Packages that are needed including pytorch-geometric, pytorch, and pybind11. The code are tested under cuda113 and cuda116 environment. Please consider download these packages with the following commands:

# pytorch
pip3 install torch torchvision torchaudio --extra-index-url https://download.pytorch.org/whl/cu116

# pytorch-geometric
pip install torch-scatter torch-sparse torch-cluster torch-spline-conv torch-geometric -f https://data.pyg.org/whl/torch-1.12.0+cu116.html

# pybind11 (used for c++ sampler)
pip install pybind11

Run the code

Step 1: Compile C++ sampler (from https://github.com/amazon-science/tgl).

python setup.py build_ext --inplace

Step 2: Download data by using DATA/down.sh.
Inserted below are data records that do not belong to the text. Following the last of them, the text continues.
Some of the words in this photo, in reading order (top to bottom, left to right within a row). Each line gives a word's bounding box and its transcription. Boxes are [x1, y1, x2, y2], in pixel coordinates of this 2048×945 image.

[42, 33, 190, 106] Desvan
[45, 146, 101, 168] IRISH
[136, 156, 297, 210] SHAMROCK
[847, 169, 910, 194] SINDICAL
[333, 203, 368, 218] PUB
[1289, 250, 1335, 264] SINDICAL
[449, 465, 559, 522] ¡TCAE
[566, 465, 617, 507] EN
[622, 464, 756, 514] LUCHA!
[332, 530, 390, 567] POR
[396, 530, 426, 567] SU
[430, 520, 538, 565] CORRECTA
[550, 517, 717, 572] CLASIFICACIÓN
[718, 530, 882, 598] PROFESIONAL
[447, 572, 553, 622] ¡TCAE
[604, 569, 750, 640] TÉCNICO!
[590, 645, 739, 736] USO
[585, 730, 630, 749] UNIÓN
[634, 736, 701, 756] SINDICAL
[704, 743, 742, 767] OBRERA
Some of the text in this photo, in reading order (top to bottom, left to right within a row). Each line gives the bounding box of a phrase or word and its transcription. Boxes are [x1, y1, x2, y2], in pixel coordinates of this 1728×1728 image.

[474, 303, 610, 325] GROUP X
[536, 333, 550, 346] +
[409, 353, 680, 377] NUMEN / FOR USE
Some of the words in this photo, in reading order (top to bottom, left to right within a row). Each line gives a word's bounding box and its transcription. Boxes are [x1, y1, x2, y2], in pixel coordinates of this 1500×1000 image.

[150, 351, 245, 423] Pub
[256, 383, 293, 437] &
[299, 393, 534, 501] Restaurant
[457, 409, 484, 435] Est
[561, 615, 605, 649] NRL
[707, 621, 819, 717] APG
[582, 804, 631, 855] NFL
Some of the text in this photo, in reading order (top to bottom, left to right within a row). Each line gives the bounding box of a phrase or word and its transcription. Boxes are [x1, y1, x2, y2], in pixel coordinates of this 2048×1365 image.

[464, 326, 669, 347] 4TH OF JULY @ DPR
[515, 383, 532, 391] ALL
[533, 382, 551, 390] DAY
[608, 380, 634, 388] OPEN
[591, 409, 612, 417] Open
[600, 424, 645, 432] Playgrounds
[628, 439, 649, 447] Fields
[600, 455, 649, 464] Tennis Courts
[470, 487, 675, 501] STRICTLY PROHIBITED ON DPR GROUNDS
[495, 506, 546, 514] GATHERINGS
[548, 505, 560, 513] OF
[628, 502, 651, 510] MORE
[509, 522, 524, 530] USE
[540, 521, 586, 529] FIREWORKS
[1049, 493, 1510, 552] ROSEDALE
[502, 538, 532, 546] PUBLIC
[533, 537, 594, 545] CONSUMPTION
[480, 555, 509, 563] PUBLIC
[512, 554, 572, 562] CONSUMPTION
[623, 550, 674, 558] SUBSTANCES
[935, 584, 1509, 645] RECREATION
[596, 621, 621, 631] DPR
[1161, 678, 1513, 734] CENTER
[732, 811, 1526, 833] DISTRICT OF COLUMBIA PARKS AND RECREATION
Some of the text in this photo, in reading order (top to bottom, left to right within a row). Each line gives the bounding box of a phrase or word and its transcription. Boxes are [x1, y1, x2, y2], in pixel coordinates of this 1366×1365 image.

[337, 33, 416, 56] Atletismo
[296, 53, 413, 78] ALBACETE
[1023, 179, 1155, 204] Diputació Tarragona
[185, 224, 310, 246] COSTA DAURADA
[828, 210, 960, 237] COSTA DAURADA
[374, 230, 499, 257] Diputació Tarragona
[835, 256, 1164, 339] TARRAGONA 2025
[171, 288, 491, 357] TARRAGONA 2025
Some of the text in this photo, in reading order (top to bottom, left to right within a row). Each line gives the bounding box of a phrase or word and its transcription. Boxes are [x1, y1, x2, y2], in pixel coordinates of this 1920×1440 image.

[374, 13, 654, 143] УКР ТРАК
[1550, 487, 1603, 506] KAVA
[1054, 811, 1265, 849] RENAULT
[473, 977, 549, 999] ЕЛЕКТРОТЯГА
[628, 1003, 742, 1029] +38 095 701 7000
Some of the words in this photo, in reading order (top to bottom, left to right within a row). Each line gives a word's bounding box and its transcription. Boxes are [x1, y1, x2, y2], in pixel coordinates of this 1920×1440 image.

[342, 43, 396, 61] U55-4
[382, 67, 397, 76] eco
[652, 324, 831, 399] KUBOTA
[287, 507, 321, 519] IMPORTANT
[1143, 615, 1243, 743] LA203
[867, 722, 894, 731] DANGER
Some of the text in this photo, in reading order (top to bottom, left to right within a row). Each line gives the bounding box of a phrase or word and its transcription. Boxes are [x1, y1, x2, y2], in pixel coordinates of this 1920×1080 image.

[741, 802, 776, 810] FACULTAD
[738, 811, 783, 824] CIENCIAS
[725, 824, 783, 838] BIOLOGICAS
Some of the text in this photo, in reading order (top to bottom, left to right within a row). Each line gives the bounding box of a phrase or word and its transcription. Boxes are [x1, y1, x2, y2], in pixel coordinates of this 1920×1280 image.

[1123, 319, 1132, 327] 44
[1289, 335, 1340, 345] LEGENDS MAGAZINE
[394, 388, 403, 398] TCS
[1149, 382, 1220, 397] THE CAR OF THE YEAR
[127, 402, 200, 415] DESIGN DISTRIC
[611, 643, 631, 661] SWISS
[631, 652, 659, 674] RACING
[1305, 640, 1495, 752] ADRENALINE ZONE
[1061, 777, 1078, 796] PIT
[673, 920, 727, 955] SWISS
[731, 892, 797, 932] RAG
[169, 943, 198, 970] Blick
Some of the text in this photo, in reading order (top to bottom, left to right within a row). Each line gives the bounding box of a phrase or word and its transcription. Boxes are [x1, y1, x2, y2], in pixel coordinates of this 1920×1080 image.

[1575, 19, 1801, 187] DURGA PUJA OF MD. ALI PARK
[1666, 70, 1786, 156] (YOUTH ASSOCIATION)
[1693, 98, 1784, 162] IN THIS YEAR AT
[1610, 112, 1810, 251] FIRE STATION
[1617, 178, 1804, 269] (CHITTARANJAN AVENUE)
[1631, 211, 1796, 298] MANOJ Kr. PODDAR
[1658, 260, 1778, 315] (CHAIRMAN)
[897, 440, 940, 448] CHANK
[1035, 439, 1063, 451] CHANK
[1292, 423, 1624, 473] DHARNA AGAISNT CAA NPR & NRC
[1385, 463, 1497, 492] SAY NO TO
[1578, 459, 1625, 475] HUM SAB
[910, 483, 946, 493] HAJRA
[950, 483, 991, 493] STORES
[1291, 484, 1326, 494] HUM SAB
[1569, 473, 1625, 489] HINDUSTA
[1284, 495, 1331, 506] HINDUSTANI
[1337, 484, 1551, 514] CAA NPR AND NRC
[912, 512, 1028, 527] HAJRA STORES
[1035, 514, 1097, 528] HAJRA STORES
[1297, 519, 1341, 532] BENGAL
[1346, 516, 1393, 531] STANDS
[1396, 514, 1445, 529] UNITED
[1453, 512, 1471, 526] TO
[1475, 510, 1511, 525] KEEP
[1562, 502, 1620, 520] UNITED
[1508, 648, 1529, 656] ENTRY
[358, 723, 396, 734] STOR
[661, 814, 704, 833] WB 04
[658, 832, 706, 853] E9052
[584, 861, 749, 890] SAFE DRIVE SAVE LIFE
To create the sub-sampled version of GDELT dataset, please use DATA/GDELT_lite/gen_dataset.py.

Step 3: Preprocess data (from https://github.com/amazon-research/tgl)

python gen_graph.py --data REDDIT

Please replace REDDIT to other datasets, e.g., WIKI, MOOC, LASTFM, and GDELT_lite.

Step 3: Run experiment

python train.py --data REDDIT     --num_neighbors 10 --use_cached_subgraph --use_onehot_node_feats
python train.py --data WIKI       --num_neighbors 30 --use_cached_subgraph --use_onehot_node_feats
python train.py --data MOOC       --num_neighbors 20 --use_cached_subgraph --use_onehot_node_feats
python train.py --data LASTFM     --num_neighbors 10 --use_cached_subgraph --use_onehot_node_feats
python train.py --data GDELT_lite --num_neighbors 30 --use_cached_subgraph --use_onehot_node_feats --ignore_edge_feats # GDELT_ne 
python train.py --data GDELT_lite --num_neighbors 30 --use_cached_subgraph --ignore_edge_feats                         # GDELT_e
python train.py --data GDELT_lite --num_neighbors 30 --use_cached_subgraph                                             # GDELT

If you are running this dataset for the first, it need to take sometime pre-processing the input data. But it will only do it once.

Neural architecture

Model arch with hyper-parameters including time_dims, hidden_dims, node_feat_dims, edge_feat_dims, where time_dims = hidden_dims = 100 are the same for all baselines.

Mixer_per_node(
  (base_model): MLPMixer(
    (feat_encoder): FeatEncode(
      (time_encoder): TimeEncode(
        (w): Linear(in_features=1, out_features=time_dims, bias=True)
      )
      (feat_encoder): Linear(in_features=time_dims+edge_feat_dims, out_features=hidden_dims, bias=True)
    )
    (layernorm): LayerNorm((hidden_dims,), eps=1e-05, elementwise_affine=True)
    (mlp_head): Linear(in_features=hidden_dims, out_features=hidden_dims, bias=True)
    (mixer_blocks): ModuleList(
      (0): MixerBlock(
        (token_layernorm): LayerNorm((hidden_dims,), eps=1e-05, elementwise_affine=True)
        (token_forward): FeedForward(
          (linear_0): Linear(in_features=hidden_dims, out_features=0.5 * hidden_dims, bias=True)
          (linear_1): Linear(in_features=0.5 * hidden_dims, out_features=hidden_dims, bias=True)
        )
        (channel_layernorm): LayerNorm((hidden_dims,), eps=1e-05, elementwise_affine=True)
        (channel_forward): FeedForward(
          (linear_0): Linear(in_features=hidden_dims, out_features=4 * hidden_dims, bias=True)
          (linear_1): Linear(in_features=4 * hidden_dims, out_features=hidden_dims, bias=True)
        )
      )
    )
  )
  (edge_predictor): EdgePredictor_per_node(
    (src_fc): Linear(in_features=node_feat_dims+hidden_dims, out_features=hidden_dims, bias=True)
    (dst_fc): Linear(in_features=node_feat_dims+hidden_dims, out_features=hidden_dims, bias=True)
    (out_fc): Linear(in_features=hidden_dims, out_features=1, bias=True)
  )
  (creterion): BCEWithLogitsLoss()
)

Comments

To double check and make sure no information leakage, we implement a function check_data_leakage(args, g, df) in data_process_utils.py to go through all the training data we used for GraphMixer. To enable this, please add --check_data_leakage to the command line.